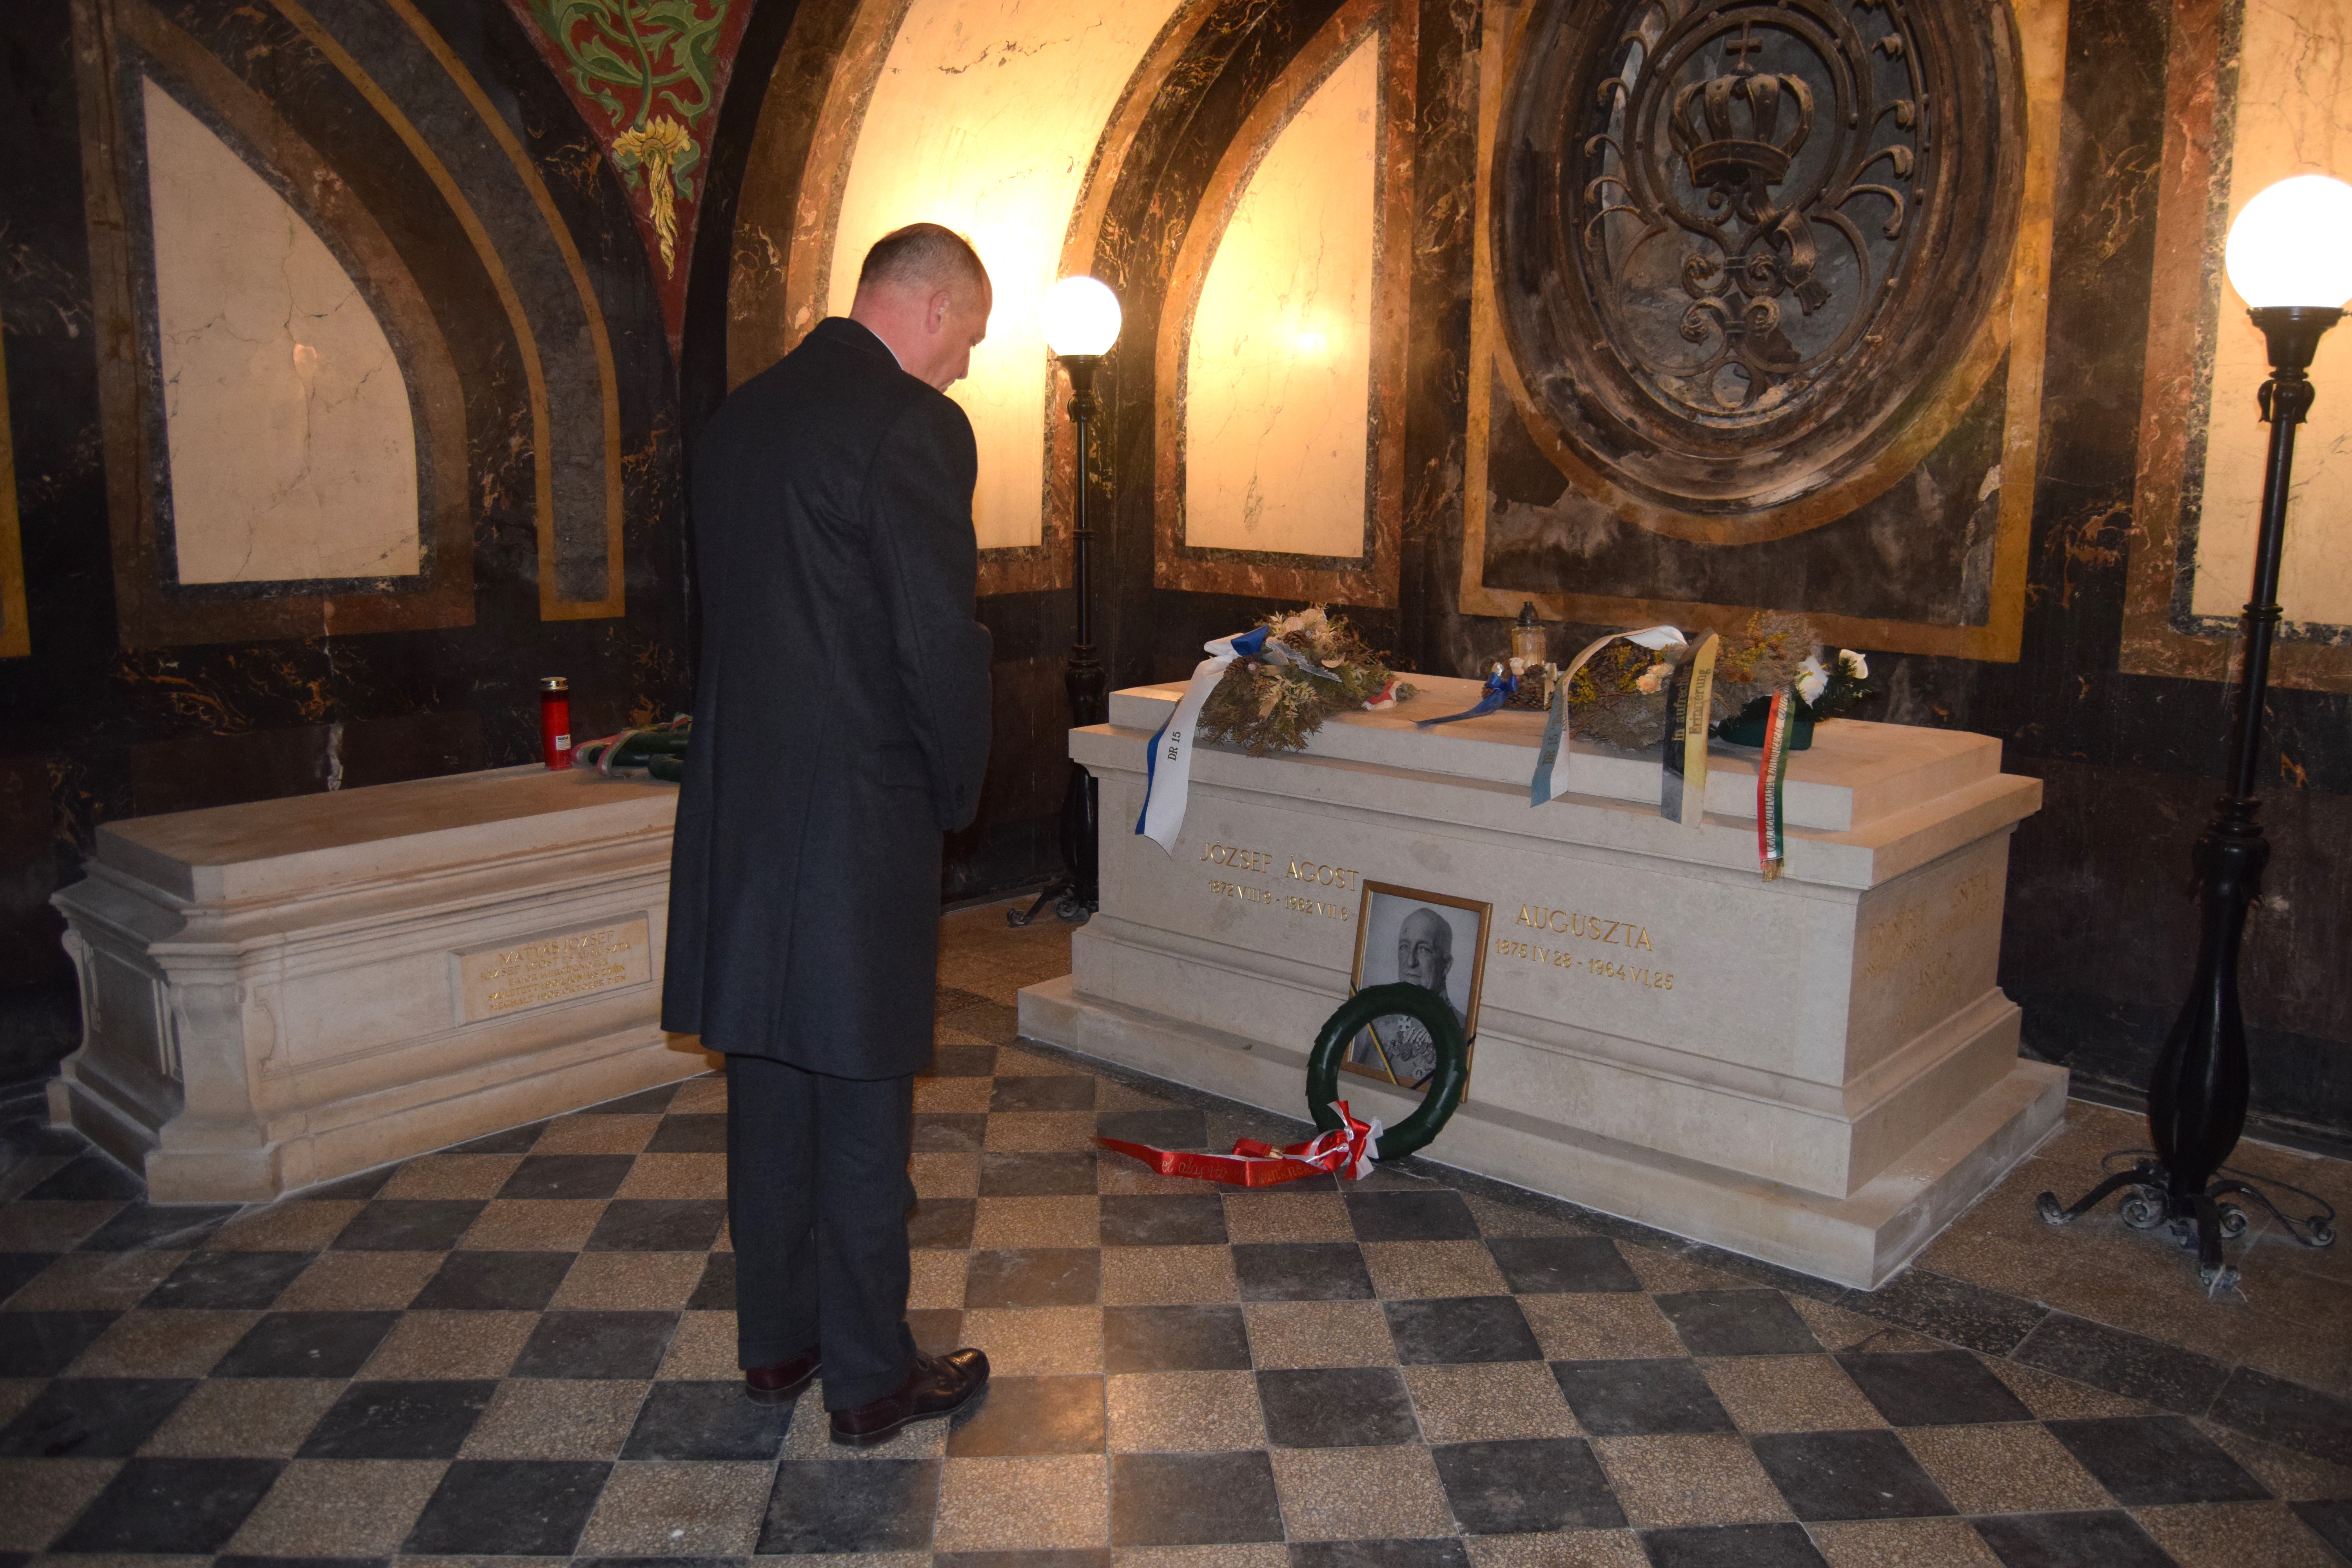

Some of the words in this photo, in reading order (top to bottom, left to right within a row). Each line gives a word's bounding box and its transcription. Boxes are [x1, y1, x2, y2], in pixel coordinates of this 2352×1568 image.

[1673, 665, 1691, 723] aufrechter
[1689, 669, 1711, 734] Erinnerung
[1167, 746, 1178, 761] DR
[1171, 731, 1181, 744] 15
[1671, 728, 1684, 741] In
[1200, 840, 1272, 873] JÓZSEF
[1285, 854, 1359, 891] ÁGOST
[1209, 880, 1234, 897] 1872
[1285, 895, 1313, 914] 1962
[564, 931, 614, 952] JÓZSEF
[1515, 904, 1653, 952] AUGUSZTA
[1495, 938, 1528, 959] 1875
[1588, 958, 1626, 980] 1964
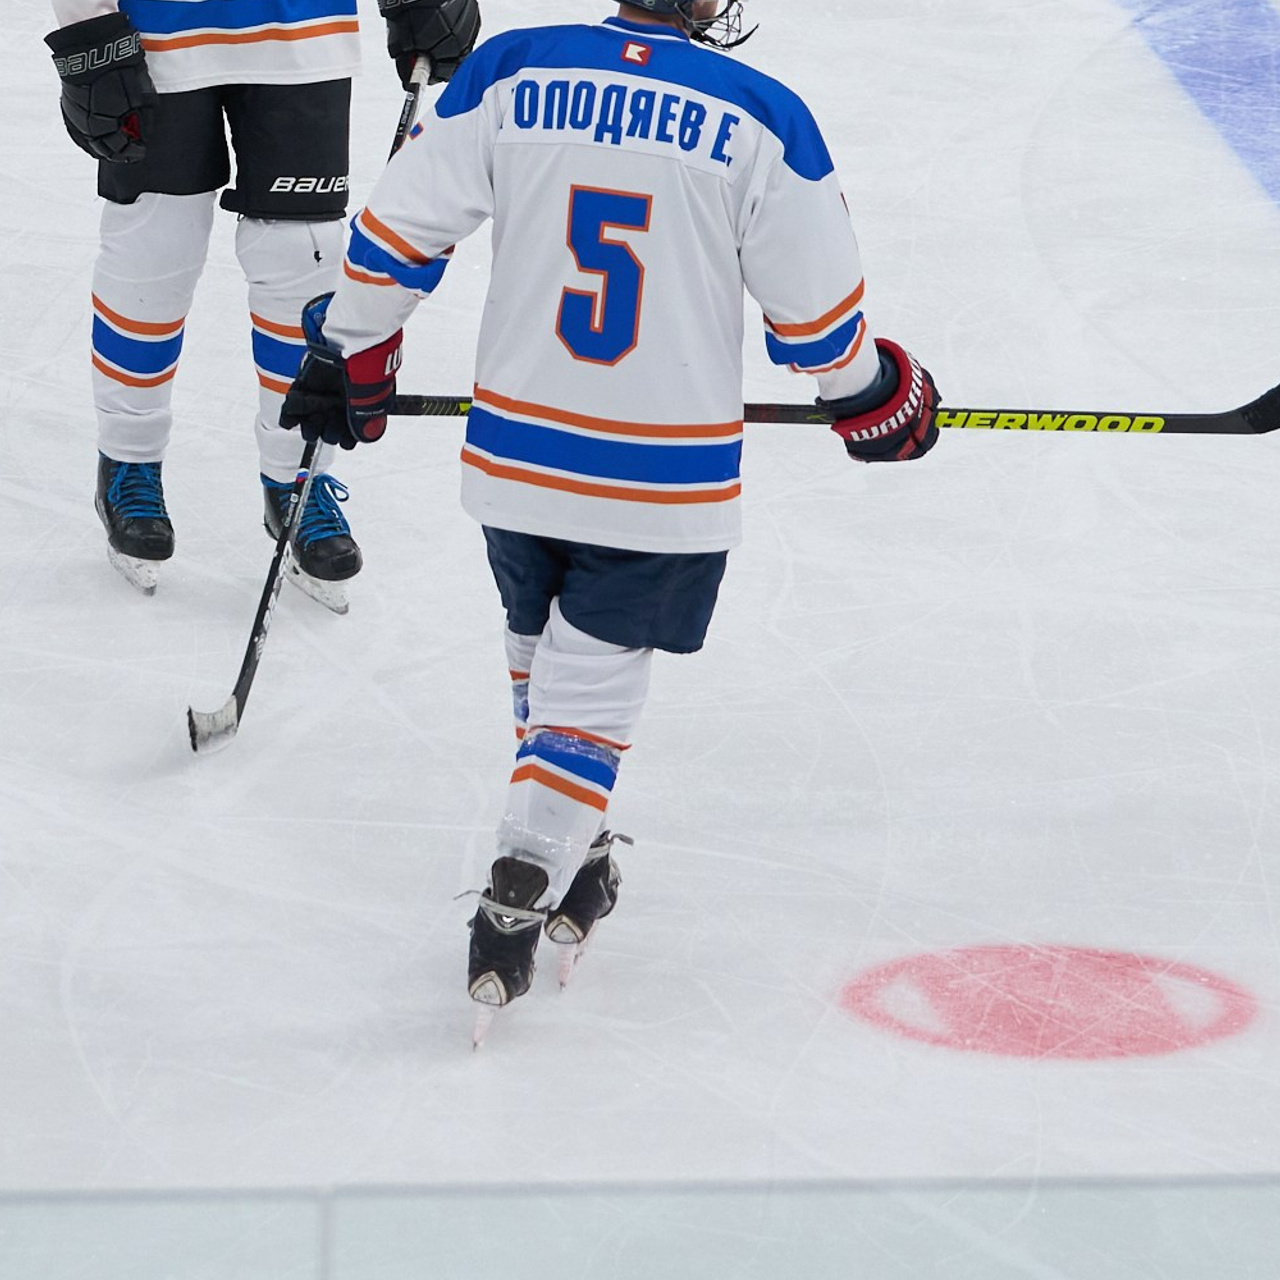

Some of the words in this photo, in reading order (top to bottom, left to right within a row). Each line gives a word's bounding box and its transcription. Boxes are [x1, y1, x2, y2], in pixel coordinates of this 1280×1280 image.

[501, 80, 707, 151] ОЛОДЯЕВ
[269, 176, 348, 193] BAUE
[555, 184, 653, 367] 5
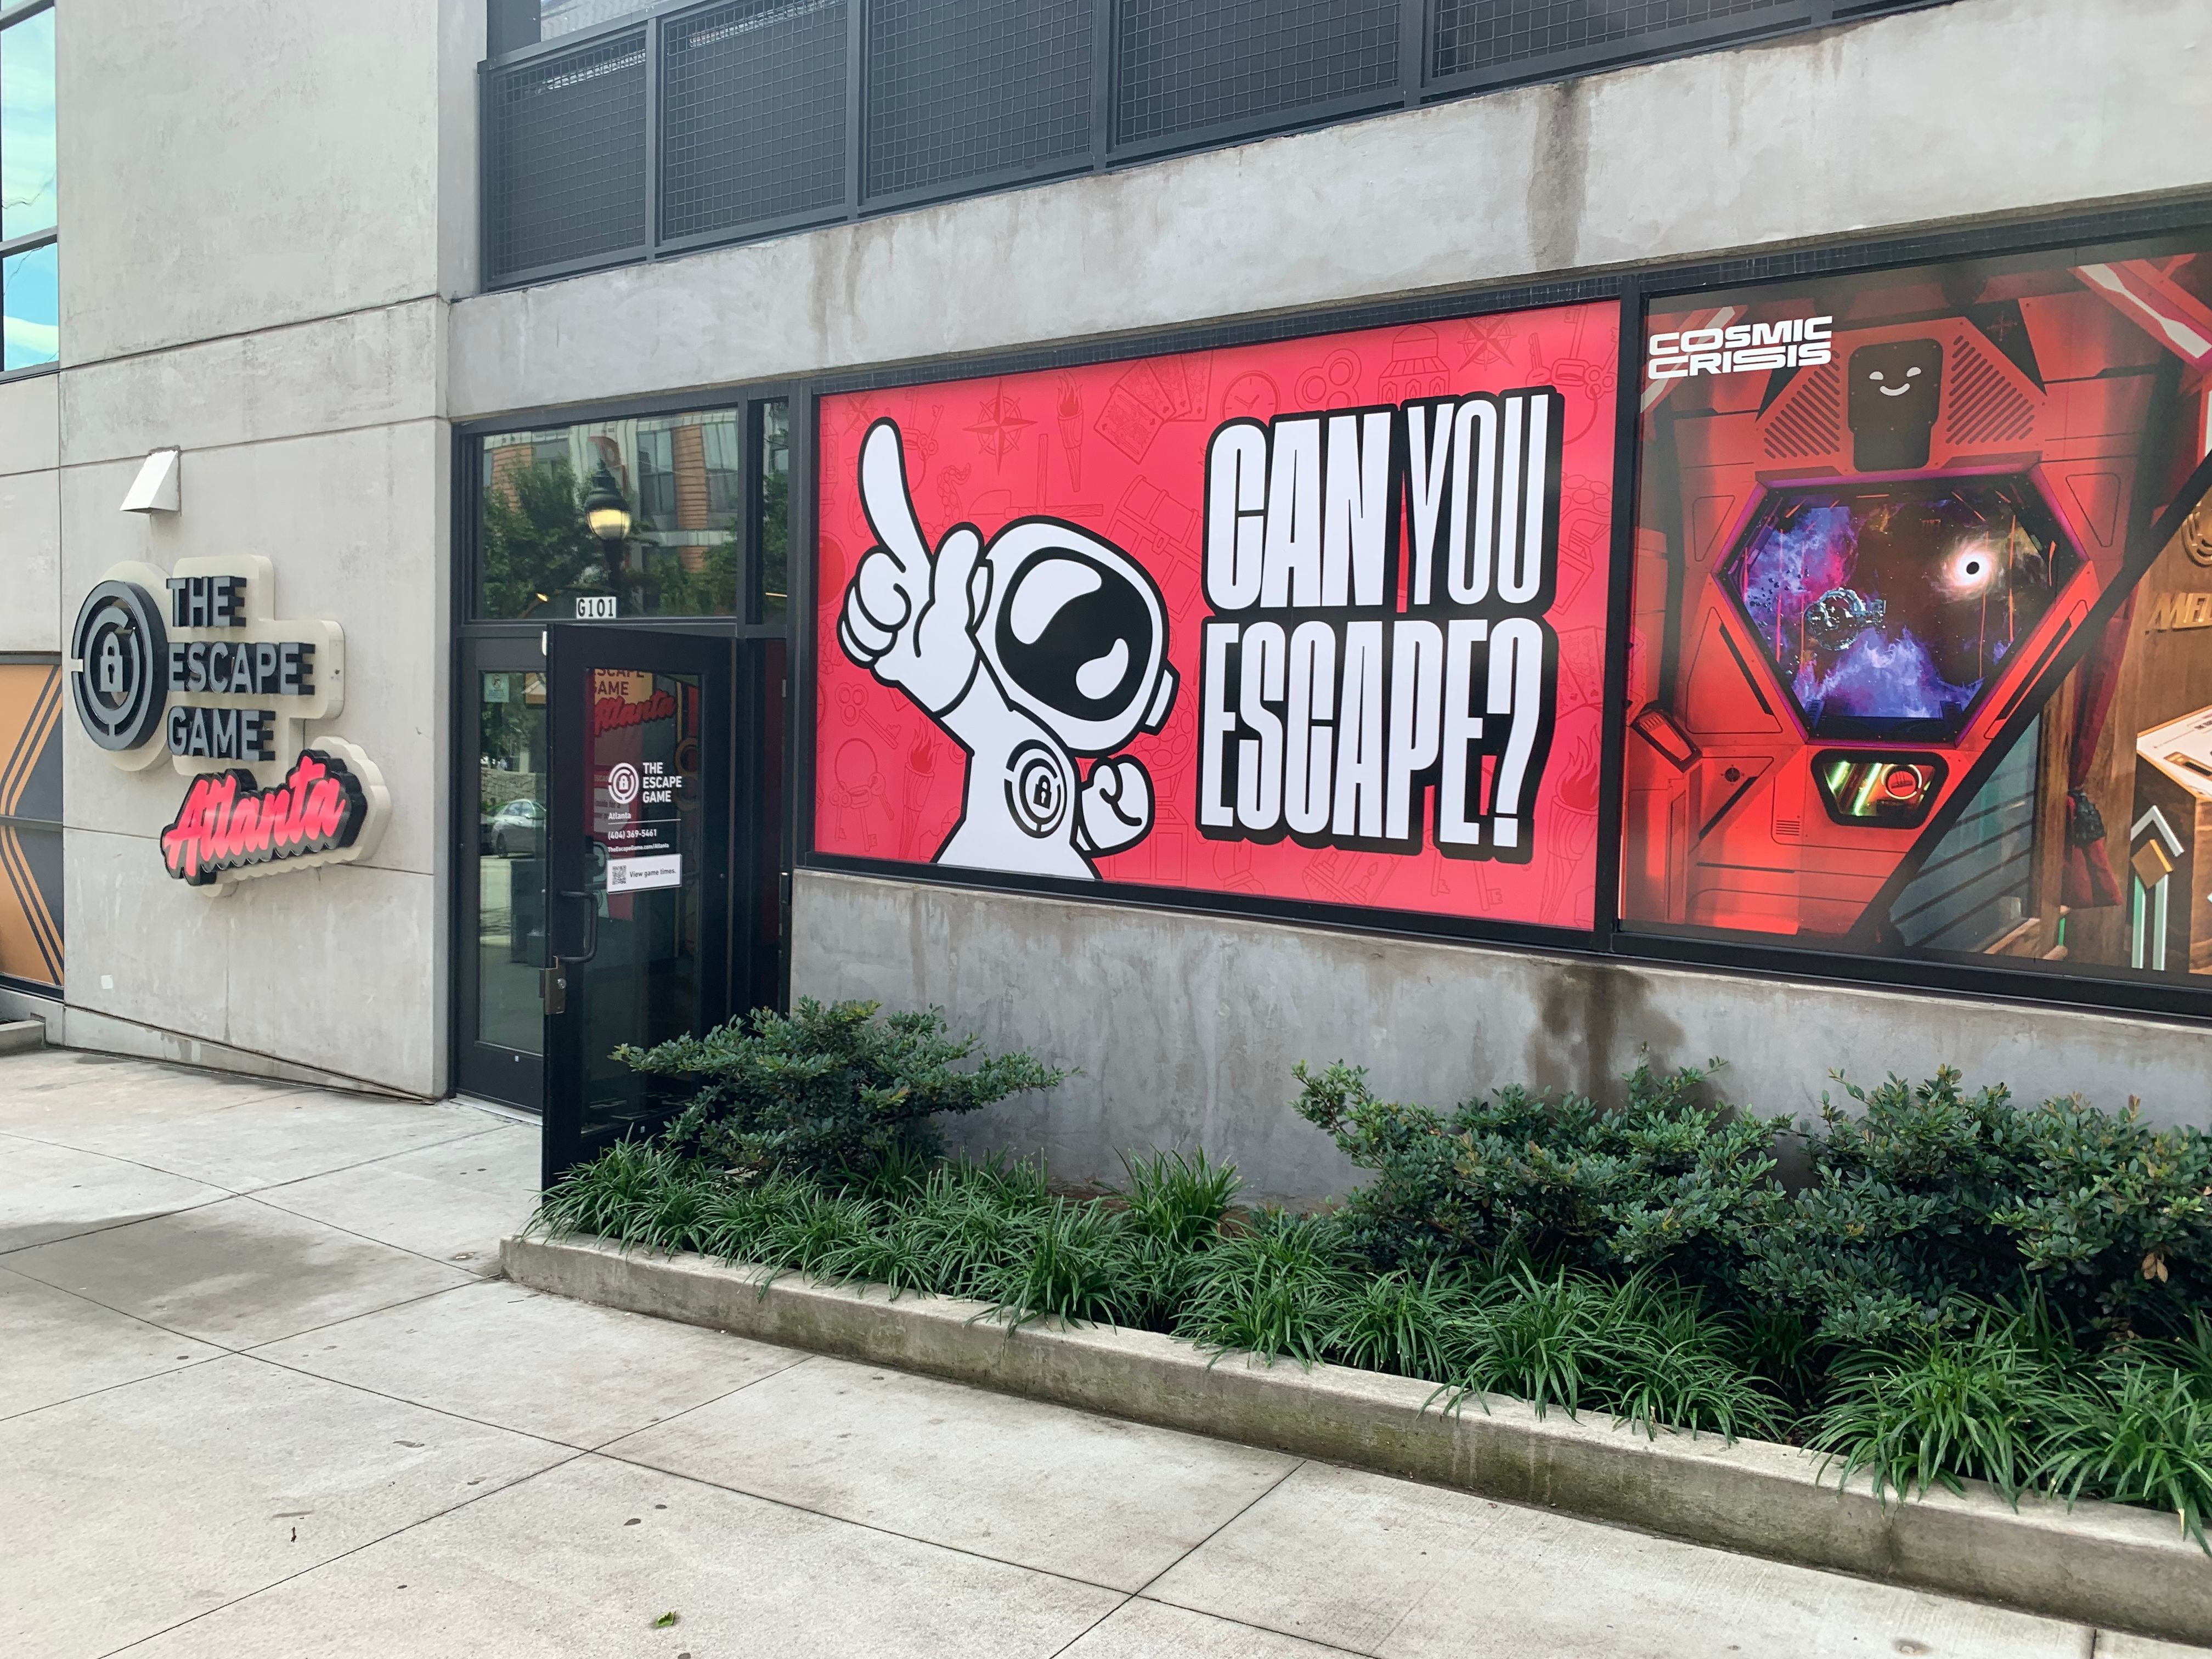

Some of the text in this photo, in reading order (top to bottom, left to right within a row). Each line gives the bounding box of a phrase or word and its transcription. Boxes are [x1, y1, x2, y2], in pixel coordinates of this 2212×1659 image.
▬▬▬▬▬▬
DIRECTIONS :: The result should be a transcript of the lines from the line containing "this 1280×1280 image." through the end of the listing above, exact, inclusive, and without pictures.

RESPONSE FOR THIS EXERCISE ::
Some of the words in this photo, in reading order (top to bottom, left to right within a row). Each line gives a word's bounding box and its transcription. Boxes are [x1, y1, x2, y2], in pixel coordinates of this 1280×1280 image.

[501, 80, 707, 151] ОЛОДЯЕВ
[269, 176, 348, 193] BAUE
[555, 184, 653, 367] 5

Some of the text in this photo, in reading order (top to bottom, left to right within a row). Each line gives the bounding box of a phrase or word and its transcription. Boxes are [x1, y1, x2, y2], in pixel coordinates of this 2212×1659 image.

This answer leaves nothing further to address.